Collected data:
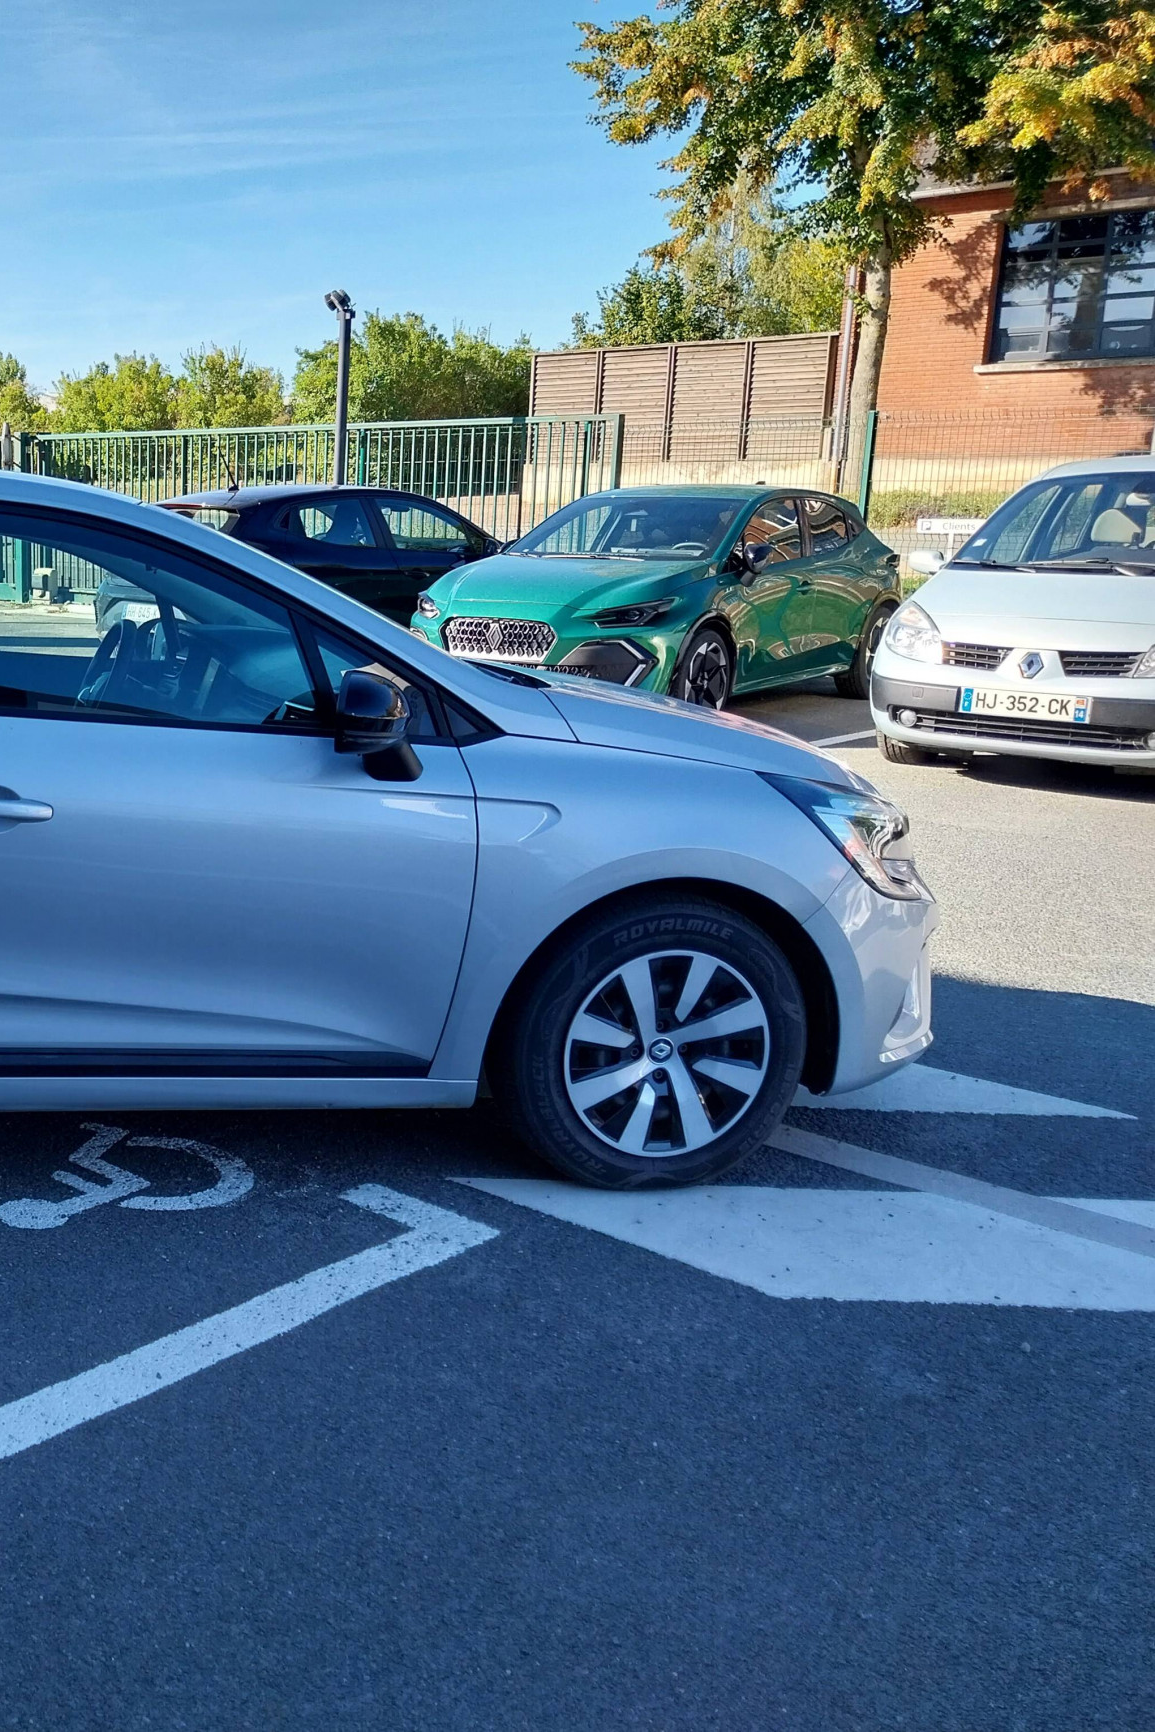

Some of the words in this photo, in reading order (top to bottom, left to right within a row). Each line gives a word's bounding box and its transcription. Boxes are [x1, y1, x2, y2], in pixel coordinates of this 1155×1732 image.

[942, 522, 976, 531] Clients
[975, 692, 1071, 716] HJ-352-CK
[1074, 709, 1085, 719] 14
[613, 918, 734, 946] ROYALMILE
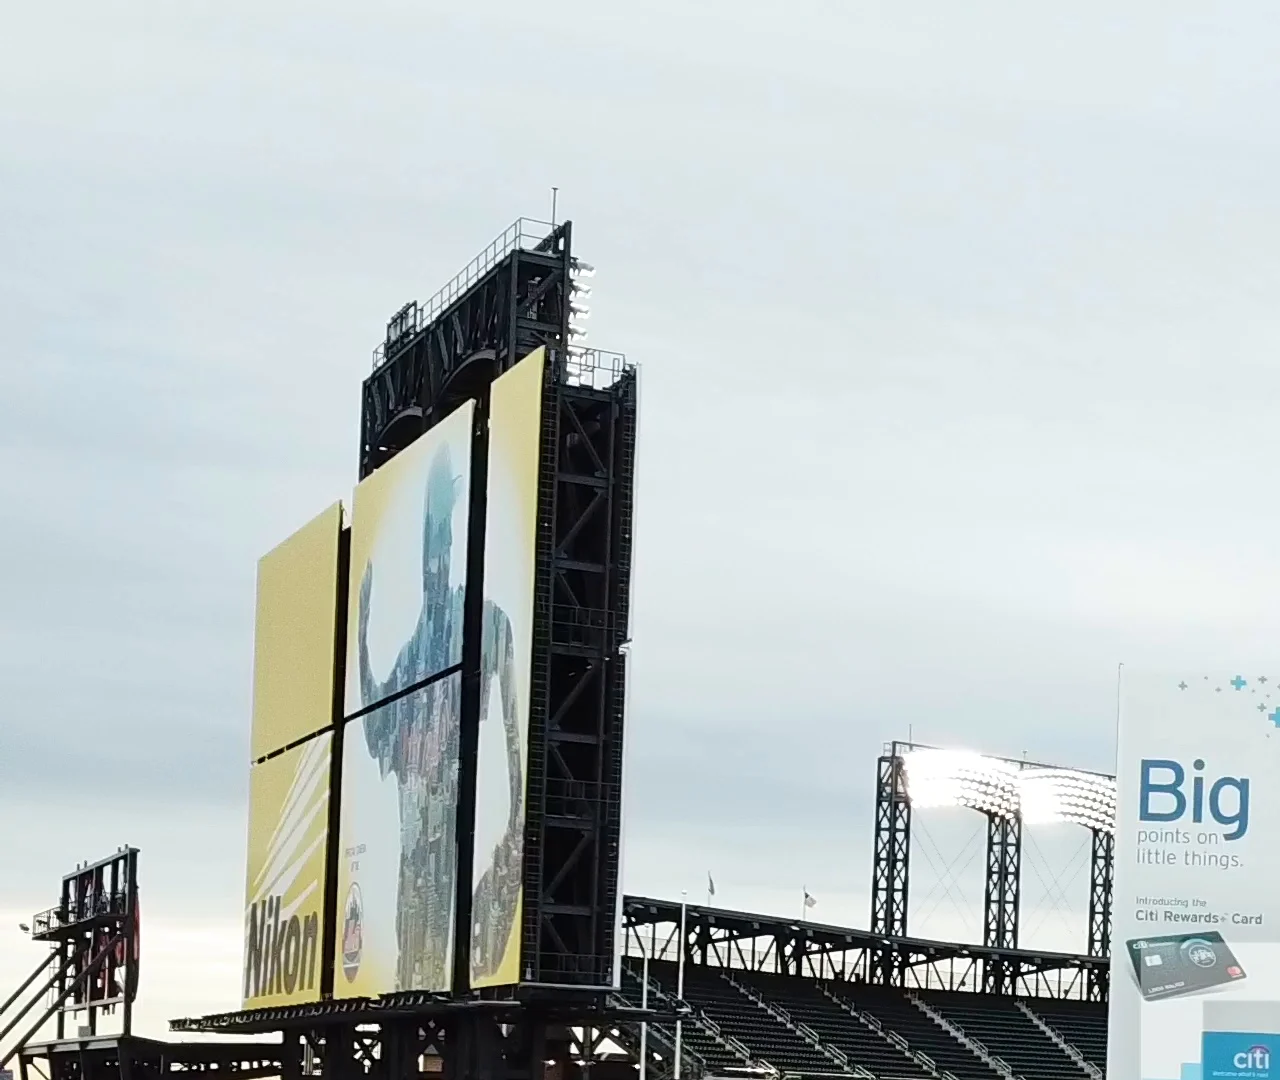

ACTION ITEM: What you return should match the entries word for word, pictures aside.

YOUR RESPONSE:
Some of the words in this photo, in reading order (top to bottom, left to right within a row). Each line gives a word's bounding box and its transcription. Boxes are [x1, y1, x2, y2], in pixel coordinates of this 1155×1732 image.

[942, 522, 976, 531] Clients
[975, 692, 1071, 716] HJ-352-CK
[1074, 709, 1085, 719] 14
[613, 918, 734, 946] ROYALMILE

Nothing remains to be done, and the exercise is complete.